Visualization of data and findings are increasingly as important as the analysis techniques themselves. This can be a good thing when you consider that the goal of research is to do something with it, and data visualization techniques can foster understanding that facilitates doing. I have gone to Tufte trainings and found them interesting, and they even prompted some ideas for some information presentations for clients. However, Tufte’s examples (while thought-provoking and often beautiful) are not terribly pragmatic for the type of interview, survey, and experimental data I collect for my clients. Consequently, I have been looking for the last year and a half for a good, basic reference book that deals with different research visualization techniques. This is a review of two books I have tried.
The first book is a book called Diagrams: Innovative solutions for graphic designers by Carolyn Knight and Jessica Glazer I had extremely high hopes for. I had read great reviews, the cover had an interesting wordle-type graph on the front, and it came with a CD that came with “Copyright-free icons: arrows, flags, trees people and more.” In many ways this is a beautiful book. The graphics inside remind me of an interesting art show you may see in a hip gallery somewhere. Unfortunately, I should have heeded the title a bit more – this is a book squarely designed for graphic designers.
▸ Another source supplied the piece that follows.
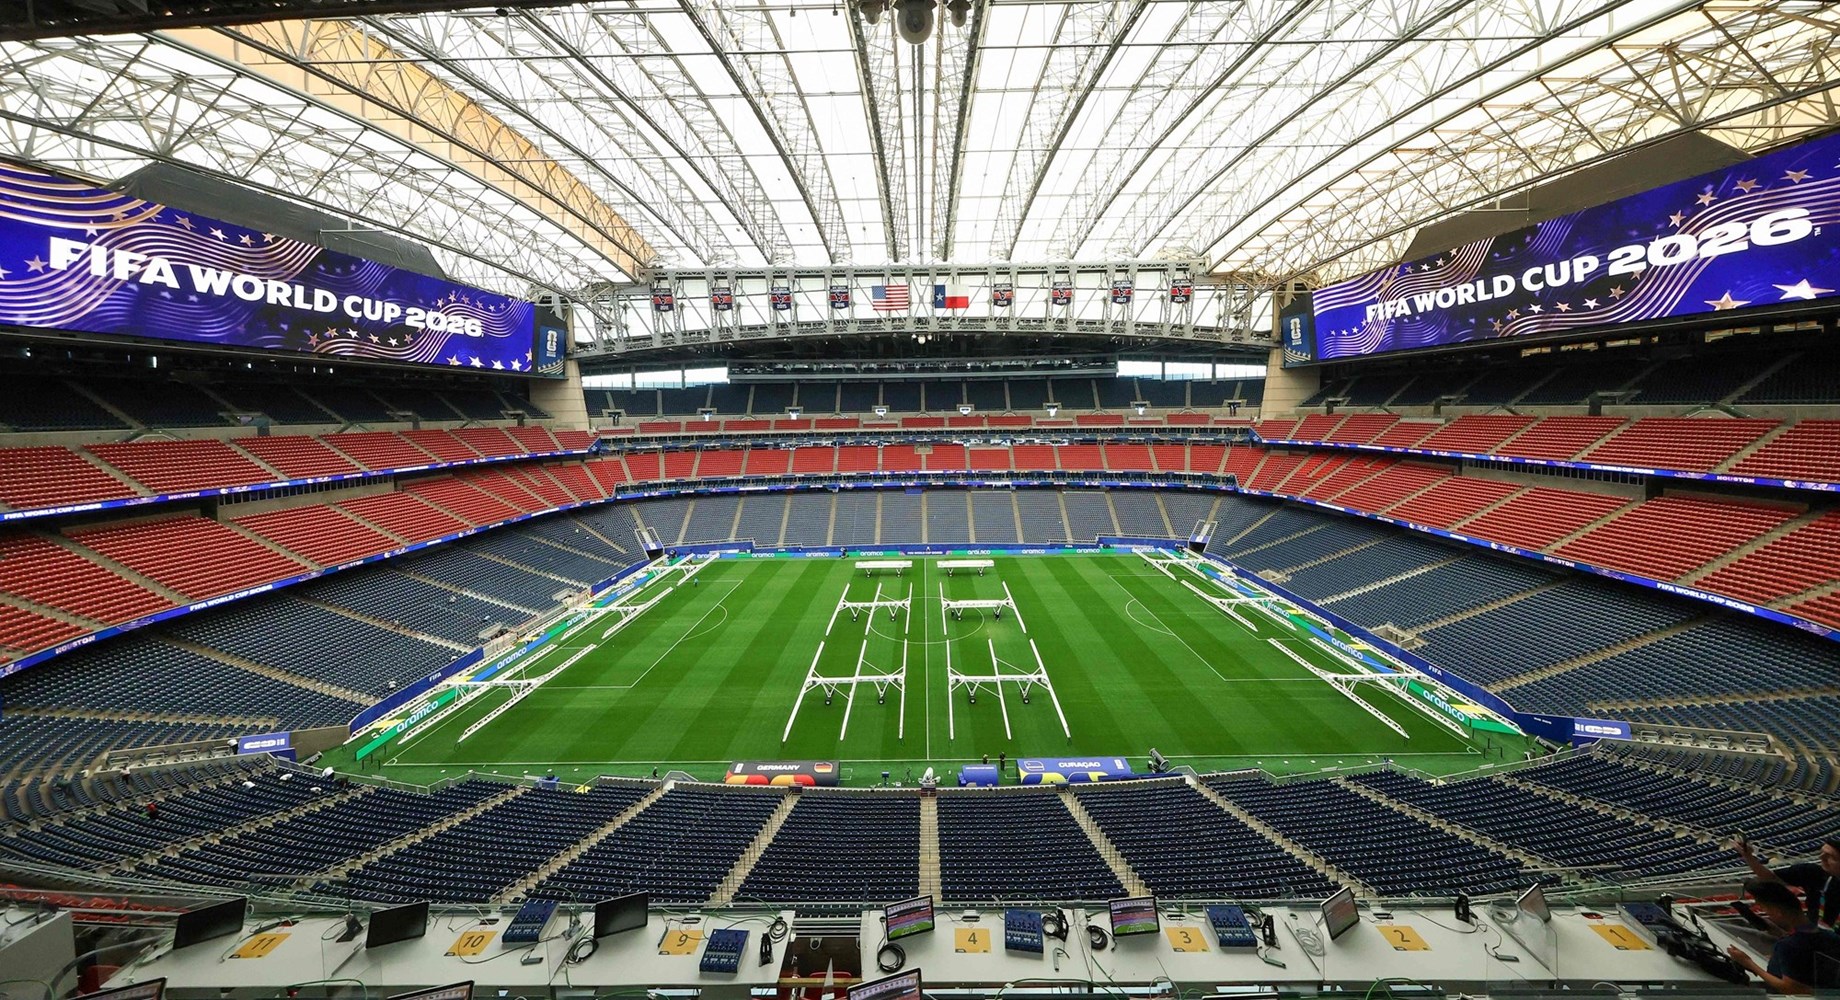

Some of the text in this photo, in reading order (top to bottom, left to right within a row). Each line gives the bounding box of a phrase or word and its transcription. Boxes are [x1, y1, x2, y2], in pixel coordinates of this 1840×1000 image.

I got a few ideas for some research visualizations, and the CD had a few icons I may use, but research is definitely not the key focus and this is not what I was looking for in terms of a solid reference.
After my experience with Diagrams, I decided to get more specific. I looked for a book that dealt with visualizations of quantitative data, and I was turned onto Stephen Few’s, Now you see it: Simple visualization techniques for quantitative analysis. The title alone had me hopeful and a quick perusal of the book lifted my heart as I saw some familiar graphs and charts. Few’s book is actually quite good, but I would say his treatment and breadth of visualizations are (for lack of a better word) clinical. There are many scatter plots, bar chars, and line graphs. This book would be a nice compliment to a basic statistics book. It shows how scatter or line plots change as a function of different relationships within data. I also like that Few presented some commonly used software packages for visualizations and presented some good evaluations and examples of these packages.
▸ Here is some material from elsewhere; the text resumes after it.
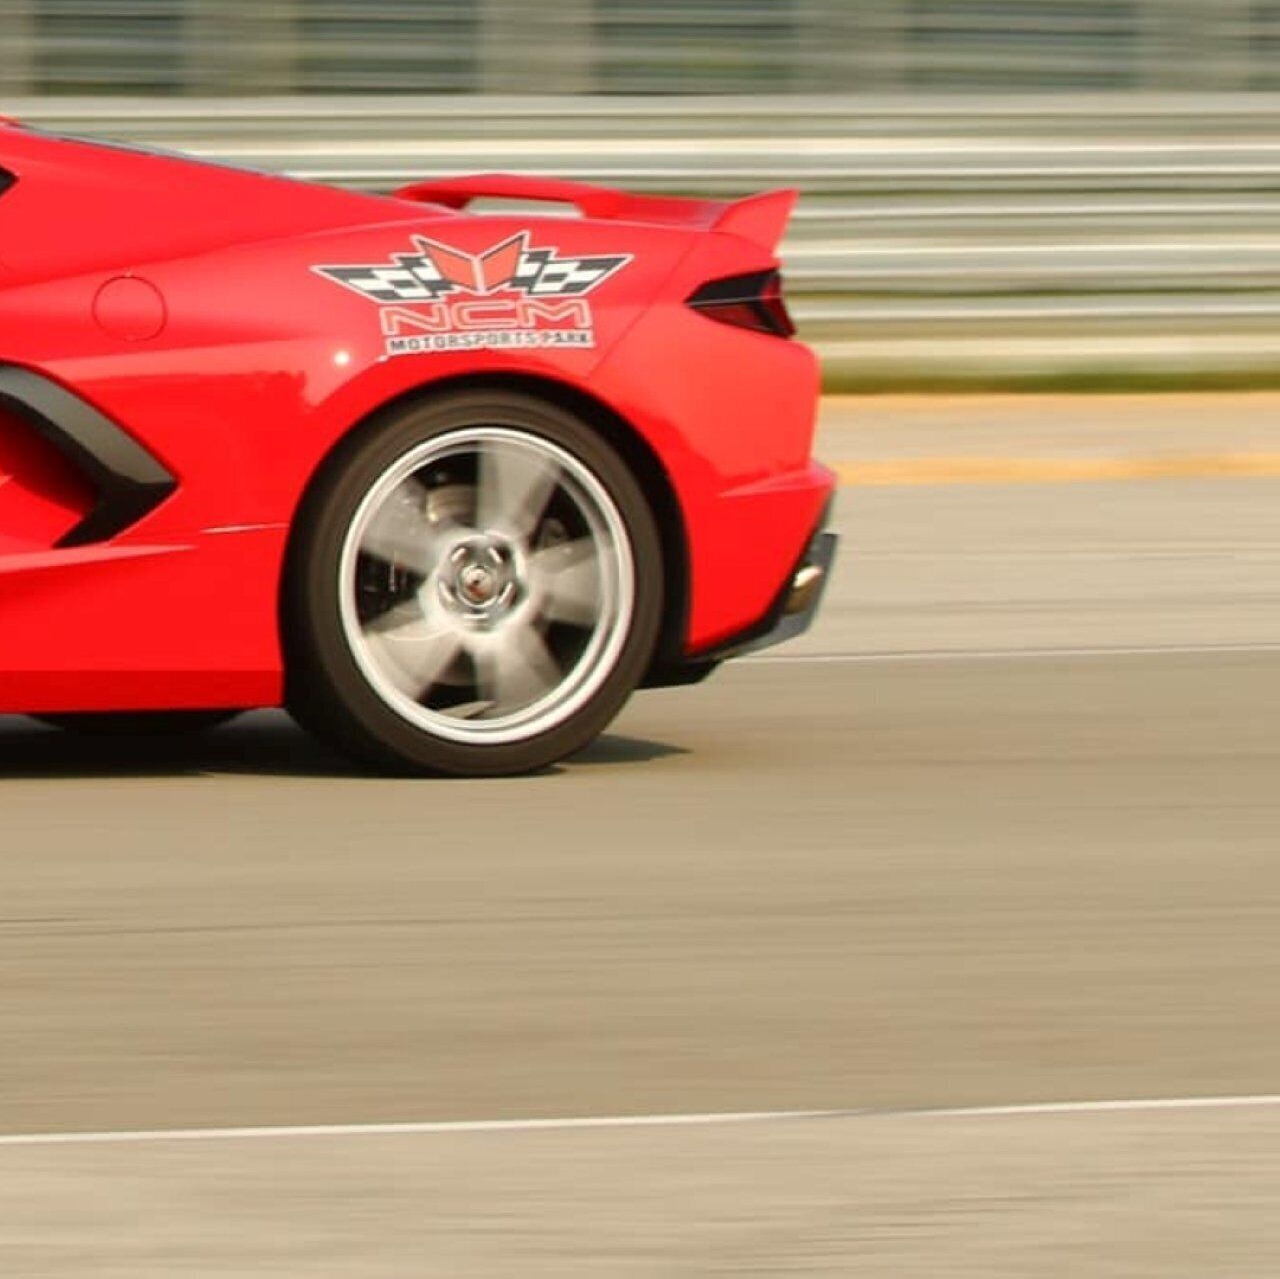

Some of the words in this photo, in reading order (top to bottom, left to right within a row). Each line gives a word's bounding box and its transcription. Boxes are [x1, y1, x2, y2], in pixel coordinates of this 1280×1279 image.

[380, 299, 593, 335] NCM
[389, 333, 537, 352] MOTORSPORTS
[541, 332, 589, 345] PARK
All in all, Few’s book is the closest I have found to a reference guide on visualization, but many of the techniques and visualizations were not terribly innovative, and maybe that is OK. However, I am still hoping that someone will publish a book somewhere in between these two. A quantitative focus, grounding and ease of use in Now you see it, with the boundary pushing and new ideas in Diagrams. If anyone knows these authors, please introduce them to each other. Until then, this researcher is still dreaming of the perfect companion to help visualize data.